**REQUIRED ACTION**
The records that follow are to be repeated exactly, with no pictures carried over.

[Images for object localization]
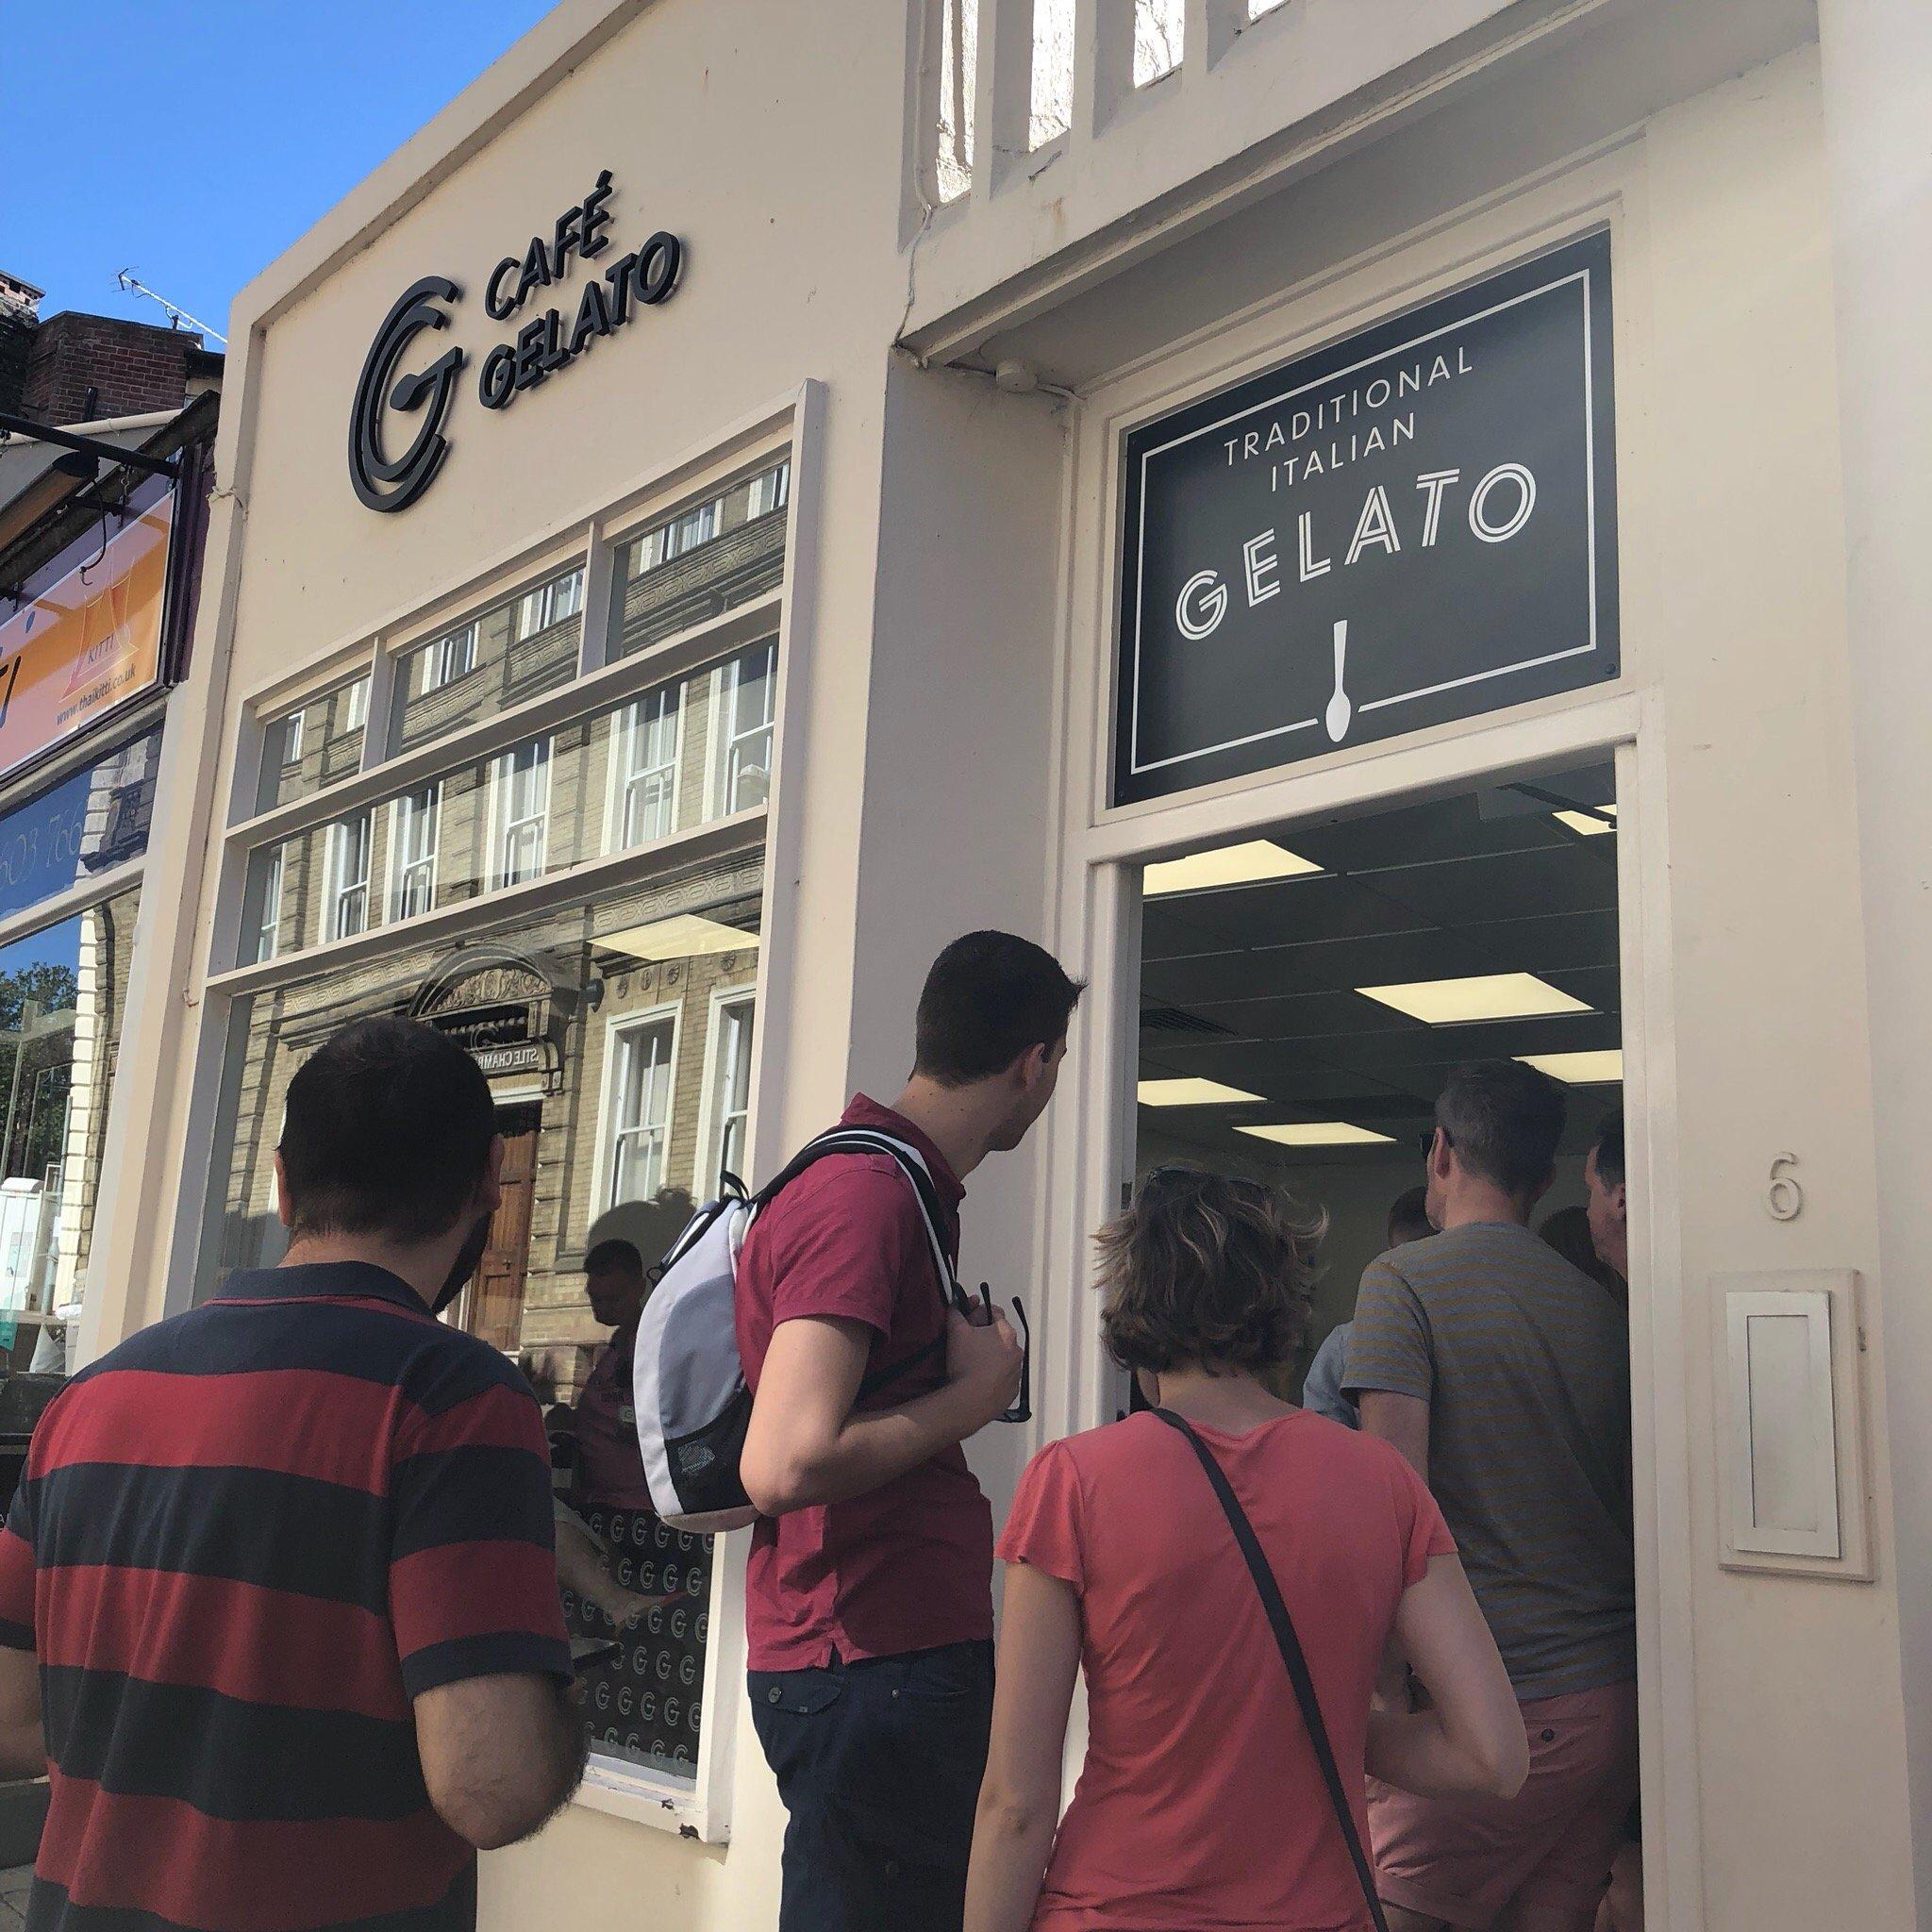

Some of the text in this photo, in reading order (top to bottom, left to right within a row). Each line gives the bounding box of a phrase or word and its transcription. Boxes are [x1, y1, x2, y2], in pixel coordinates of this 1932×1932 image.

[484, 169, 613, 322] CAFÉ
[478, 230, 681, 410] GELATO
[1224, 346, 1474, 467] TRADITIONAL
[1271, 411, 1416, 492] ITALIAN
[1174, 462, 1537, 641] GELATO
[57, 662, 136, 725] www.thaikitti.co.uk
[87, 632, 115, 664] KITTI
[1767, 1150, 1804, 1223] 6
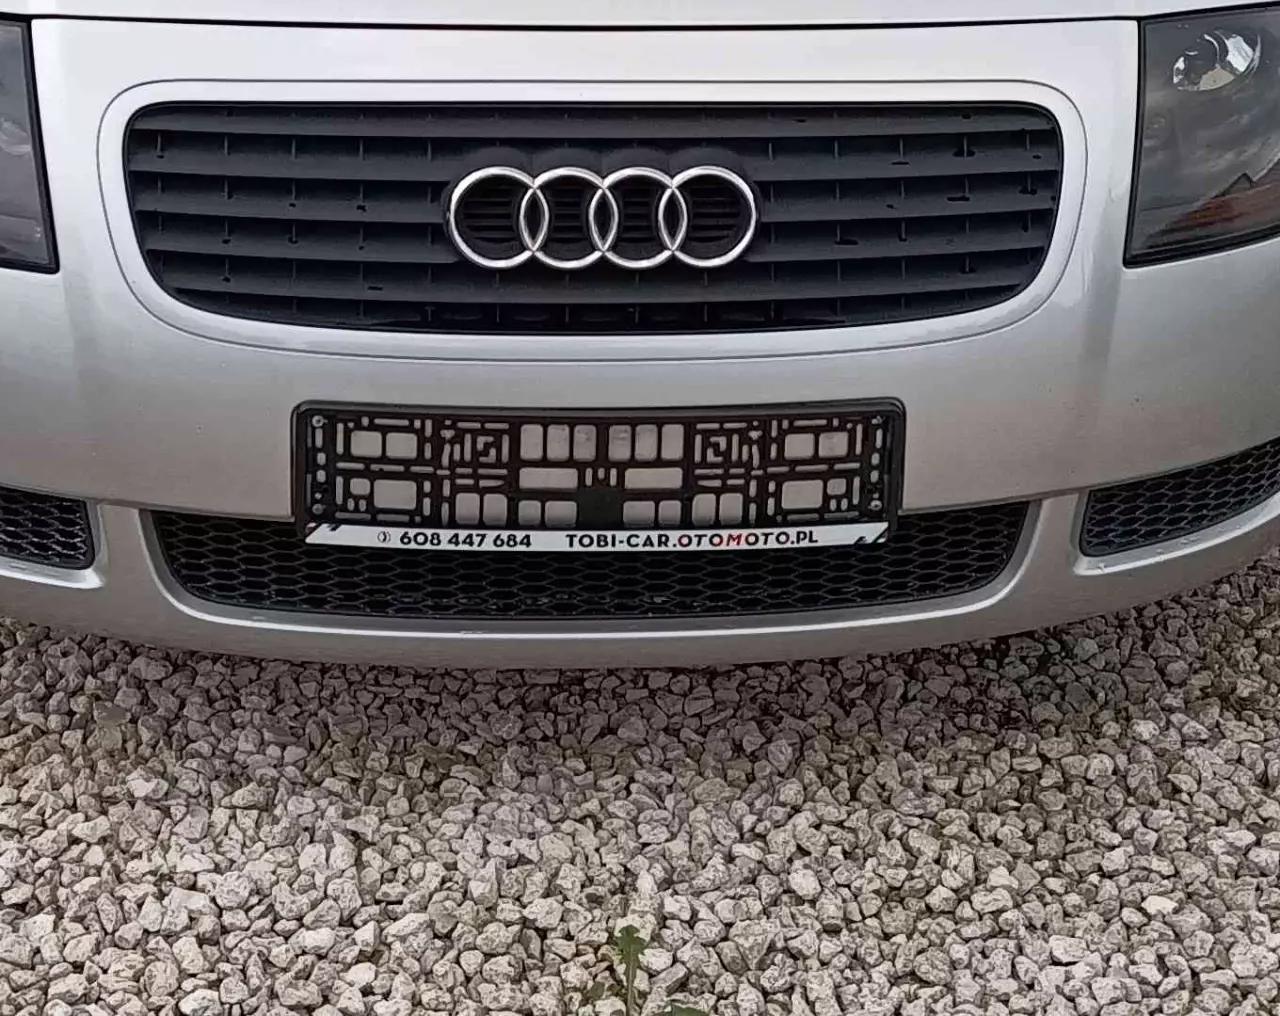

**EXPECTED OUTPUT**
Some of the text in this photo, in reading order (top to bottom, left to right within a row). Each line gives the bounding box of a phrase or word and its transcription. Boxes are [x1, y1, x2, y2], in pixel coordinates of this 1932×1932 image.

[484, 169, 613, 322] CAFÉ
[478, 230, 681, 410] GELATO
[1224, 346, 1474, 467] TRADITIONAL
[1271, 411, 1416, 492] ITALIAN
[1174, 462, 1537, 641] GELATO
[57, 662, 136, 725] www.thaikitti.co.uk
[87, 632, 115, 664] KITTI
[1767, 1150, 1804, 1223] 6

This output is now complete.